## TRY IT
Retype each record below word for word, pictures excluded.

## THE RECORDS
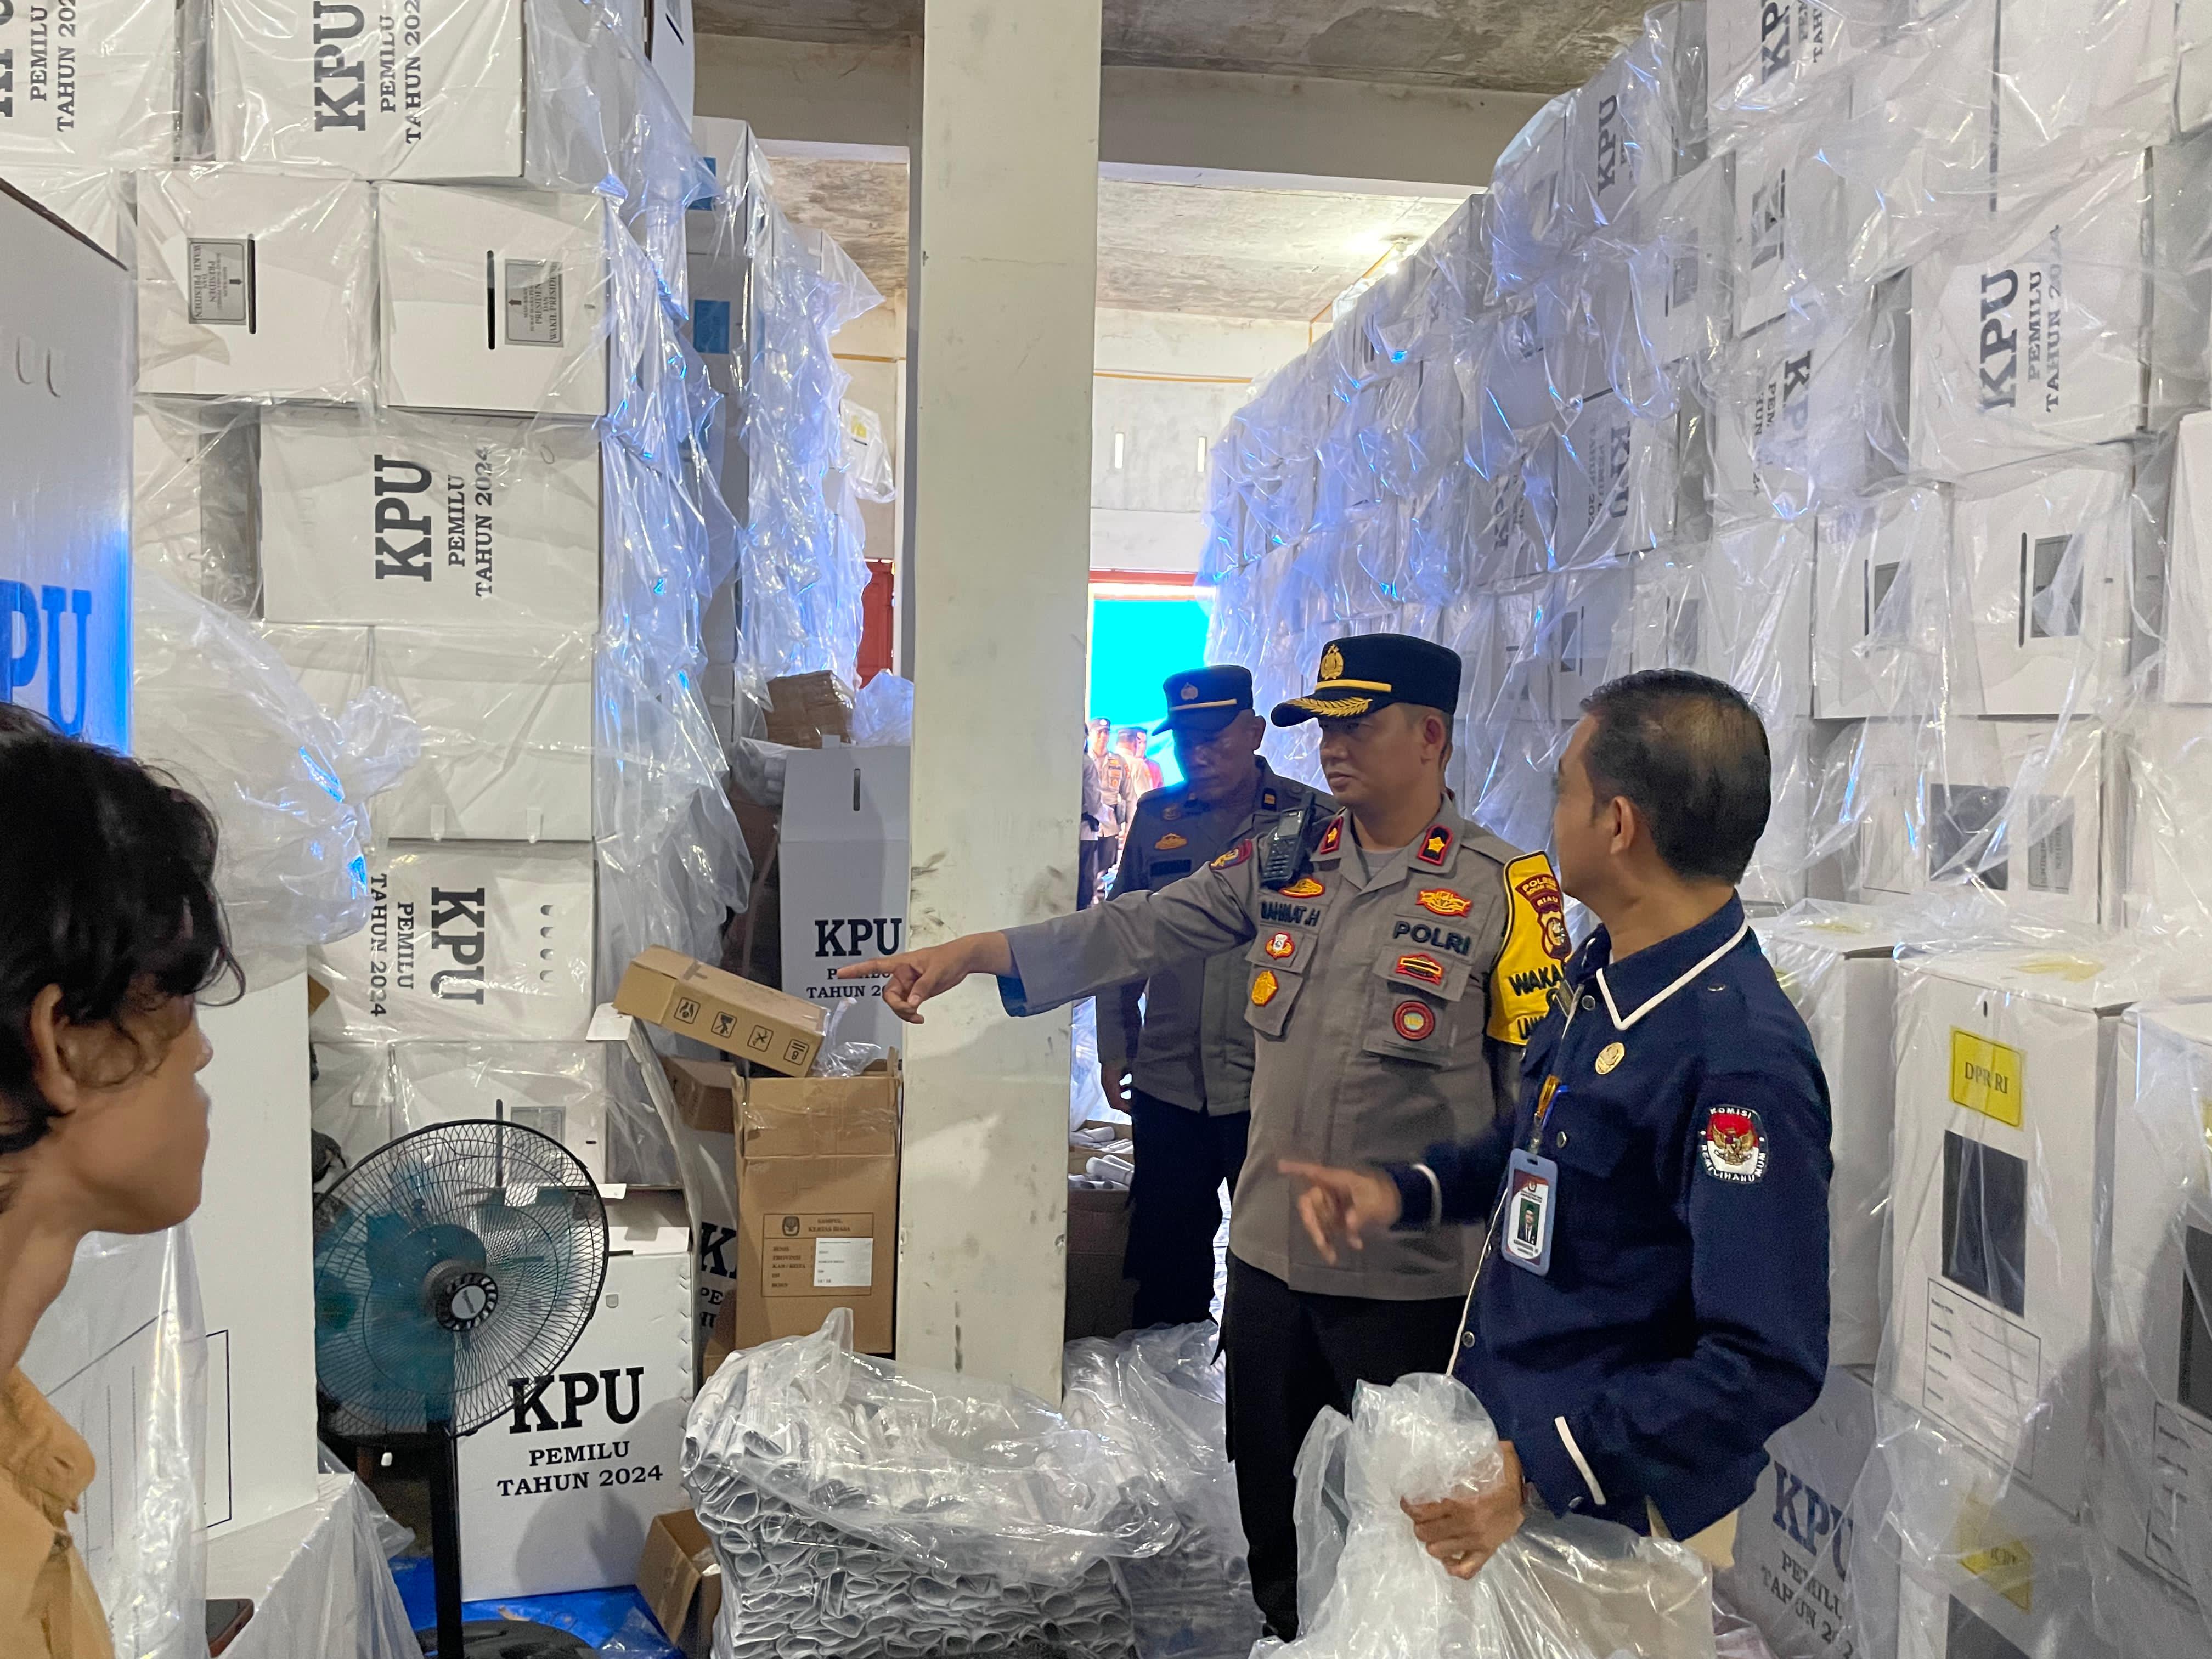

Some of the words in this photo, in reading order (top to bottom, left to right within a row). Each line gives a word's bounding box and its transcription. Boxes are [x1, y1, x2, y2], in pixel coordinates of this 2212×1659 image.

[30, 5, 48, 101] PEMILU
[313, 1, 366, 132] KPU
[380, 15, 396, 113] PEMILU
[1762, 0, 1790, 84] KP
[57, 46, 75, 132] TAHUN
[405, 57, 421, 144] TAHUN
[1598, 95, 1617, 197] KPU
[194, 275, 202, 317] PRESIDEN
[208, 261, 216, 302] PRESIDEN
[1979, 269, 2018, 409] KPU
[2028, 272, 2041, 381] PEMILU
[2046, 309, 2061, 413] TAHUN
[374, 454, 432, 582] KPU
[448, 475, 465, 567] PEMILU
[475, 514, 492, 597] TAHUN
[371, 873, 387, 952] TAHUN
[815, 918, 902, 957] KPU
[1393, 921, 1471, 956] POLRI
[1537, 896, 1558, 906] RIAU
[397, 902, 414, 989] PEMILU
[431, 887, 485, 1005] KPU
[370, 961, 387, 1017] 2024
[806, 985, 866, 998] TAHUN
[1709, 1107, 1752, 1119] KOMISI
[1965, 1062, 1991, 1088] DPR
[1995, 1072, 2008, 1094] RI
[507, 1367, 644, 1434] KPU
[497, 1472, 589, 1496] TAHUN
[599, 1465, 663, 1487] 2024
[529, 1441, 630, 1466] PEMILU

## YOUR SOLUTION
Some of the words in this photo, in reading order (top to bottom, left to right within a row). Each line gives a word's bounding box and its transcription. Boxes are [x1, y1, x2, y2], in pixel coordinates of this 2212×1659 image.

[30, 5, 48, 101] PEMILU
[313, 1, 366, 132] KPU
[380, 15, 396, 113] PEMILU
[1762, 0, 1790, 84] KP
[57, 46, 75, 132] TAHUN
[405, 57, 421, 144] TAHUN
[1598, 95, 1617, 197] KPU
[194, 275, 202, 317] PRESIDEN
[208, 261, 216, 302] PRESIDEN
[1979, 269, 2018, 409] KPU
[2028, 272, 2041, 381] PEMILU
[2046, 309, 2061, 413] TAHUN
[374, 454, 432, 582] KPU
[448, 475, 465, 567] PEMILU
[475, 514, 492, 597] TAHUN
[371, 873, 387, 952] TAHUN
[815, 918, 902, 957] KPU
[1393, 921, 1471, 956] POLRI
[1537, 896, 1558, 906] RIAU
[397, 902, 414, 989] PEMILU
[431, 887, 485, 1005] KPU
[370, 961, 387, 1017] 2024
[806, 985, 866, 998] TAHUN
[1709, 1107, 1752, 1119] KOMISI
[1965, 1062, 1991, 1088] DPR
[1995, 1072, 2008, 1094] RI
[507, 1367, 644, 1434] KPU
[497, 1472, 589, 1496] TAHUN
[599, 1465, 663, 1487] 2024
[529, 1441, 630, 1466] PEMILU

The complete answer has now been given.